By Omar Ha-Redeye Winter 2017

Lawyers will pay our fair share of tax – if others do too


Selling more taxes is rarely a popular political move, especially in difficult financial times. But even if we don’t like them, taxes remain necessary.

An effective justice system could be described as a hallmark of a civilized society. Without legal institutions, individuals and businesses lack effective conflict resolution systems. Not only does this create uncertainty for capital investment and commercial activities, but, at worst, these disputes can devolve into violence.

Maintaining a legal system that works effectively, however, does not happen without significant support from government in the form of administrative services and other funding. For this reason, there is a deep and necessary relationship between the legal profession and the payment of taxes.

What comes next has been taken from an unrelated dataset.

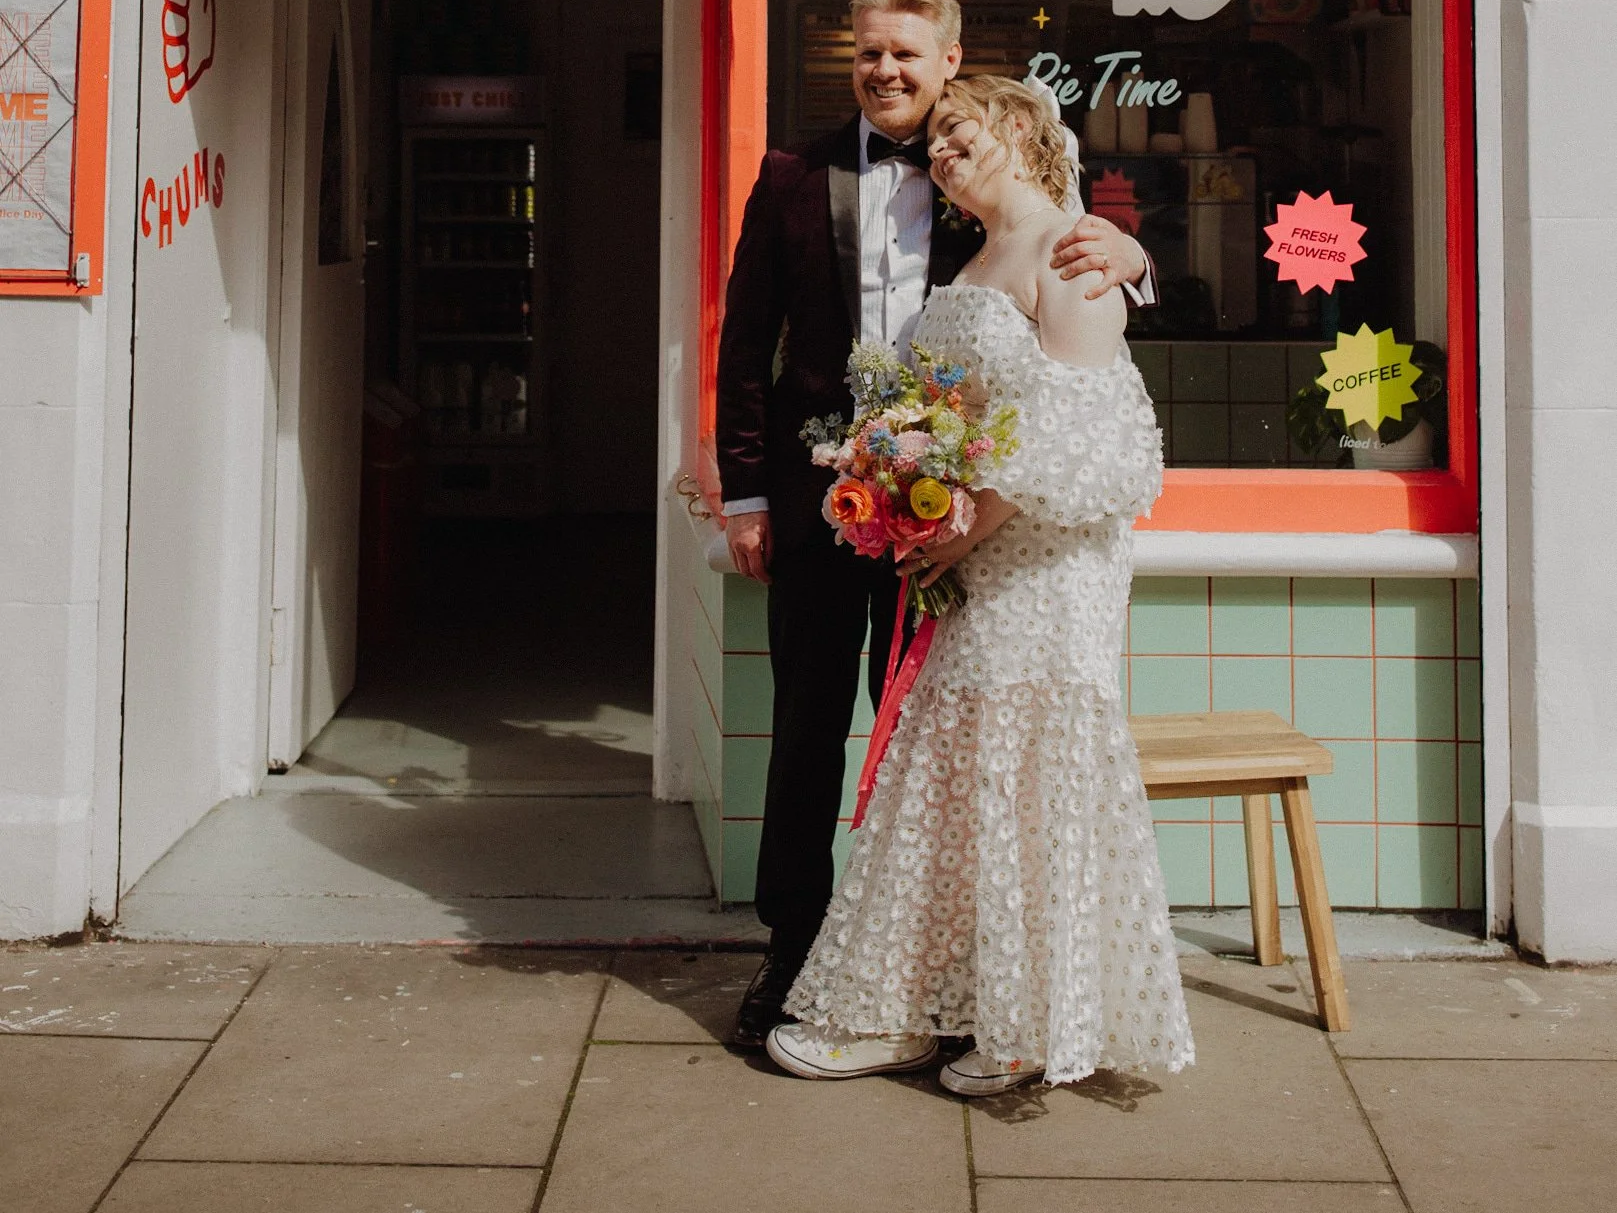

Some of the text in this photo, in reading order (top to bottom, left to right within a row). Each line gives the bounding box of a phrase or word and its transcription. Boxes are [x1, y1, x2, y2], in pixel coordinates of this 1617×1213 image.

Lawyers have another interest in the use of tax revenue. The social programs that governments fund create the infrastructure for a healthy, educated, and prosperous population. The social and economic determinants of legal issues are increasingly recognized as being interconnected.

The Gini coefficient, which is used to measure income inequality in society, has been steadily increasing in Canada over the past 20 years. This means there has been a greater concentration of wealth among the rich, and greater income disparities across the country.

Inequalities are more pronounced in Ontario and British Columbia and less so in New Brunswick and Prince Edward Island. These income gaps create economic inefficiencies and diminish economic growth because we fail to use all available skills and capabilities when social cohesion is undermined.

The Gini coefficient is often correlated with higher levels of social unrest, crime, and even general violence. As early as 2002, Pablo Fajnzylber et al demonstrated that inequality, as measured by the Gini coefficient, was correlated with homicide and robbery.

Social instability is not necessarily created by poverty itself, but by people’s economic status relative to those around them. In 2014, researchers Daniel and Joan Hicks found that the visible manifestations of inequality through conspicuous consumption gives rise to higher crime rates. In an era of social media where people flaunt or fake a lavish lifestyle online, these perceptions are magnified.

Where do lawyers fit in? In 2015, the median family income was $80,940, according to Statistics Canada, a figure that’s in the ballpark for many lawyers. Despite the public perception that all lawyers are rich, the average lawyer works in a small firm and could be fairly described as “middle class.” And yet many of the new tax changes proposed by the federal government do not appear to benefit them.

“What is determined to be appropriate in terms of what taxes someone pays differs depending on who you ask,” said Neil Gurmukh, a tax lawyer with Miller Thomson in Toronto. “The concern among lawyers and small business owners, including other professionals, is whether they should take on additional risk. They do not have the same risks as employees. Should tax policy reflect that risk?”

The Canadian Bar Association has been in the forefront of the fight against some of the new tax changes. A few of these proposals, such as taxing work-in-progress (WIP) would have had significant impacts on access to justice, in particular, in contingency fee arrangements and class actions that benefit marginalized populations.

It can be risky from a public perception point of view for lawyers to oppose tax changes by government. What might be overlooked is that our opposition doesn’t stem from a reluctance to pay our fair share; it’s that broader forms of inequality must be targeted in any reform of the system.

Tax avoidance strategies, though perfectly legal and often arranged by lawyers, cost the country billions of dollars yearly. Clients that benefit from these arrangements have a net worth north of $50-million. It is the clients of lawyers, not the lawyers themselves, who have the greatest amount of money and proportionately pay the least tax.

Lawyers have a shared interest and a stake in creating a more equal society. We support tax reform that would achieve that broader goal. But the manner in which it is implemented should carefully preserve incentives for small business owners, and focus more on where unfairness actually occurs.